CHARLES: Now though, Chipotle is being forced to do a bit more explaining because it's running into a pork shortage. A lot of farmers don't want to raise pigs the way Chipotle demands. It's not so much the antibiotic restriction. Chipotle also requires them to let pigs root around outdoors or in buildings with dirt floors.

So to get enough pork, Chipotle has turned to a British supplier, and that British pork producer has a different policy on antibiotics. It treats pigs when they get sick, and when they recover, those pigs go right back into the regular pork supply. Some will become Chipotle's carnitas. Chipotle restaurants that serve pork from this supplier will have a little sign explaining how that pork is different.

Now, actually, the pork itself is not different at all. There shouldn't be traces of antibiotics in any of it. Veterinarian Gail Hansen says such residues are against the law in all meat.

GAIL HANSEN: So you're not eating antibiotic-laden meat, so to speak.

CHARLES: She says antibiotic use on farm animals is controversial for a different reason. When the drugs are overused, it can lead to more drug-resistant bacteria and possibly more human infections that are hard to treat. She says that's a good reason to use antibiotics rarely, if possible, never. But she says never is not always possible.

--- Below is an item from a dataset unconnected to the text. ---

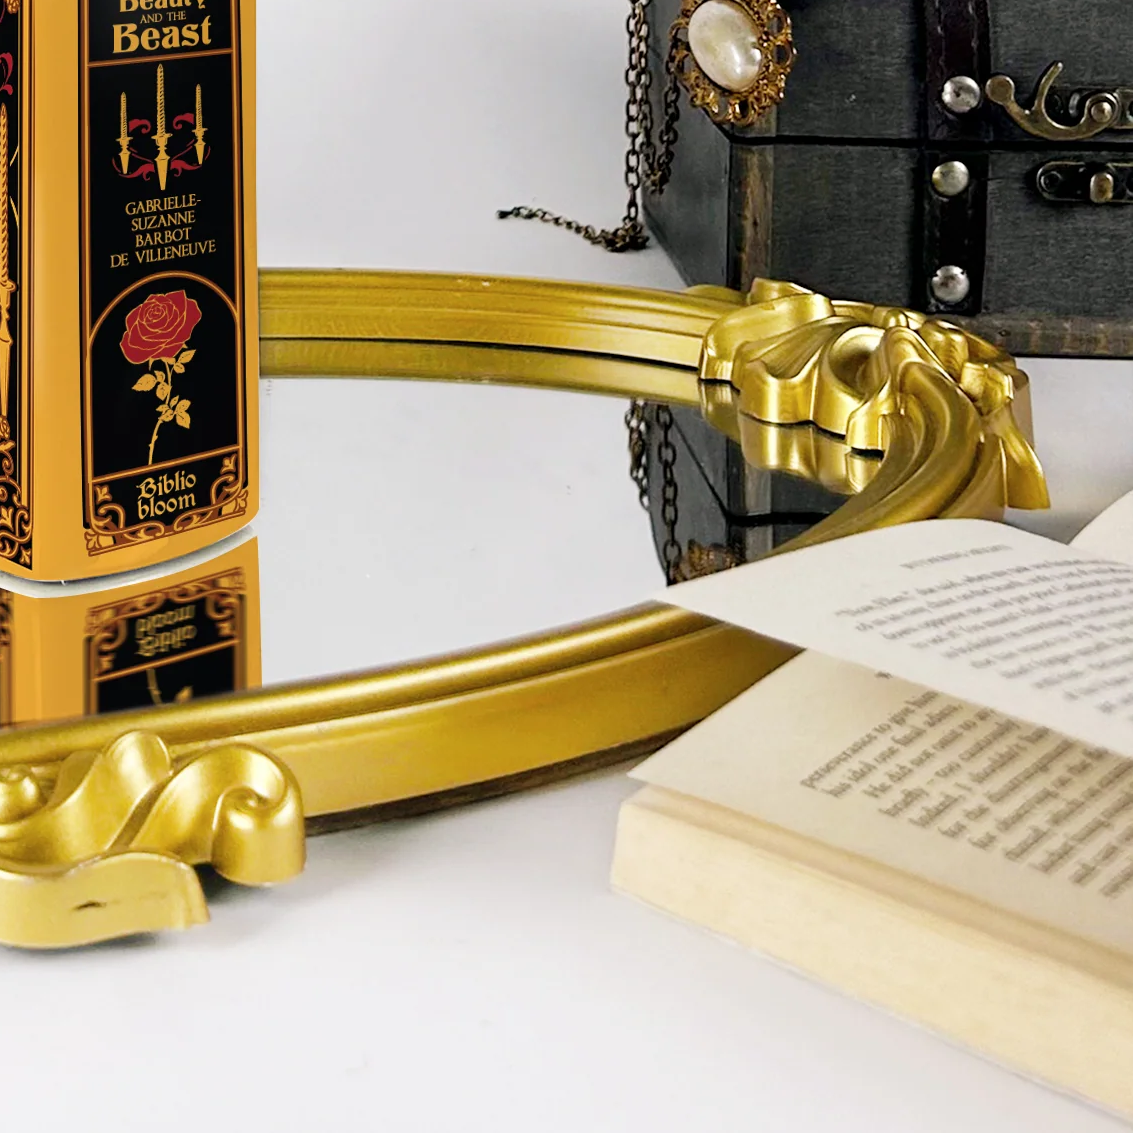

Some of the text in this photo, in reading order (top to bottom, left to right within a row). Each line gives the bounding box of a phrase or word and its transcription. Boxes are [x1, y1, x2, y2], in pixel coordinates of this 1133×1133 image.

HANSEN: Sometimes bad things happen to good animals. Sometimes they need antibiotics because they're sick.

CHARLES: Hansen is a longtime critic of antibiotic use on farms, but she does not believe in just banning it.

HANSEN: We tend to want to think of things in black and white when we really live in the gray zone.

CHARLES: She's happy that Chipotle is stepping more openly into that gray zone, acknowledging that antibiotics will be used on occasion. At the same time, some big traditional restaurant chains like McDonald's also are promising to cut back on antibiotic use. And Hansen says in all these cases, it can be hard for a consumer to know whether companies are operating responsibly because there is no black and white answer. She wants the government to step in to verify that meat producers are using drugs only when necessary. Dan Charles, NPR News.